A large fraction of the U.S. population is considered to be Western European in descent, but nevertheless, there are some distinct cultural dividing lines between these regions. One is the large-scale adoption of residential central air conditioning in the States, while a high percentage of Western Europeans still go without. Why are residential Central Air Conditioners in Loveland CO and elsewhere in this country so pervasive when the equipment has been slow to catch on across the Atlantic Ocean?
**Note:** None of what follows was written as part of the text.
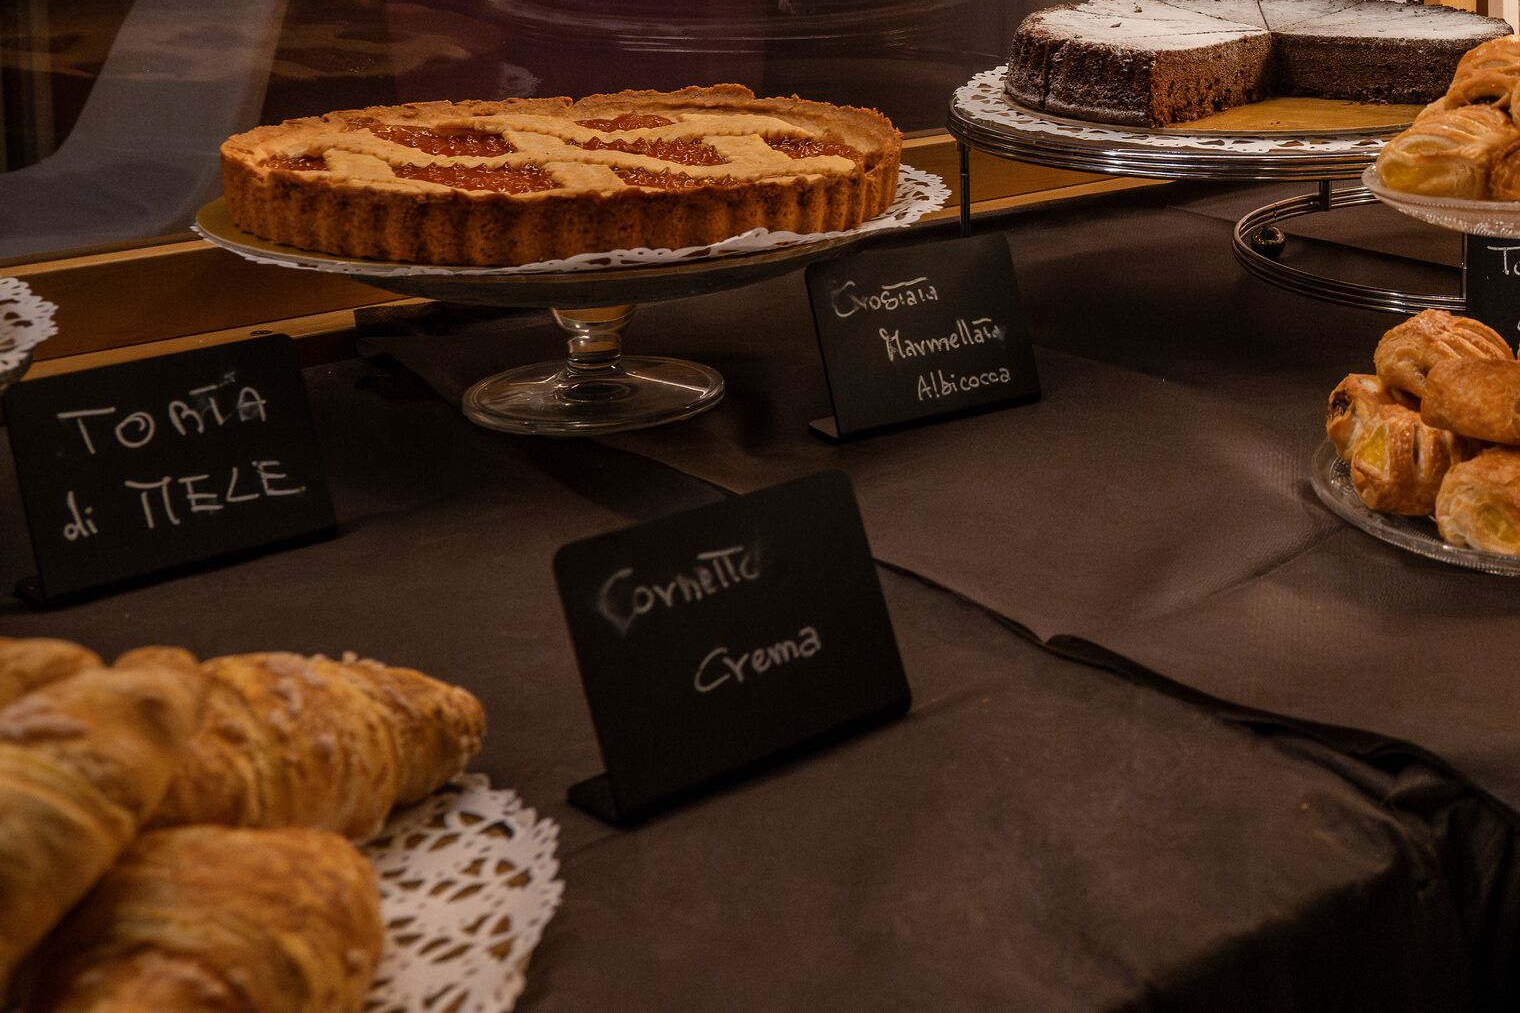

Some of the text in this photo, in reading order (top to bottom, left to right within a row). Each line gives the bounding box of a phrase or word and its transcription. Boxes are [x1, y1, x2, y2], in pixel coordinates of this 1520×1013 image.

In fact, Europeans, in general, are entirely accustomed to working in buildings without air conditioning. That would be unthinkable for most Americans who now work indoors, as they are accustomed to the cool temperatures as they sit at a desk or an assembly line, or stand behind a cash register. Commercial and institutional buildings are well-known for their exceptionally chilly temperatures during the summer, forcing workers and others to wear sweaters inside. Customers carry jackets into movie theaters on days when the mercury hovers above 90 degrees outside.
It’s not at all clear how this cultural divide took place. Researchers believe some of the trends in the United States is attributable to greater wealth, even among the middle class. The trend may have happened more organically as well, with more and more Americans gradually installing window air conditioners and then switching to central air. By the 21st Century, most children had grown up with air conditioning in the house and aren’t likely to give it up. Throughout Europe, where central air is still relatively uncommon, going without cool air in the summer doesn’t seem like such a big deal.
Research indicates the significant advantages of air conditioning as installed by a company such as Poudre Valley Air for productivity, sleep, and mood. Cool air is important for people with illnesses that are worsened by excessive heat. However, one thing people with Central Air Conditioners in Loveland CO could learn from their European counterparts is the aspect of setting the thermostat a bit higher to save energy. U.S. residents tend to set the thermostat around 72 degrees in the summer when experts recommend having it set at 76 or 78, and even higher when nobody is home for several hours.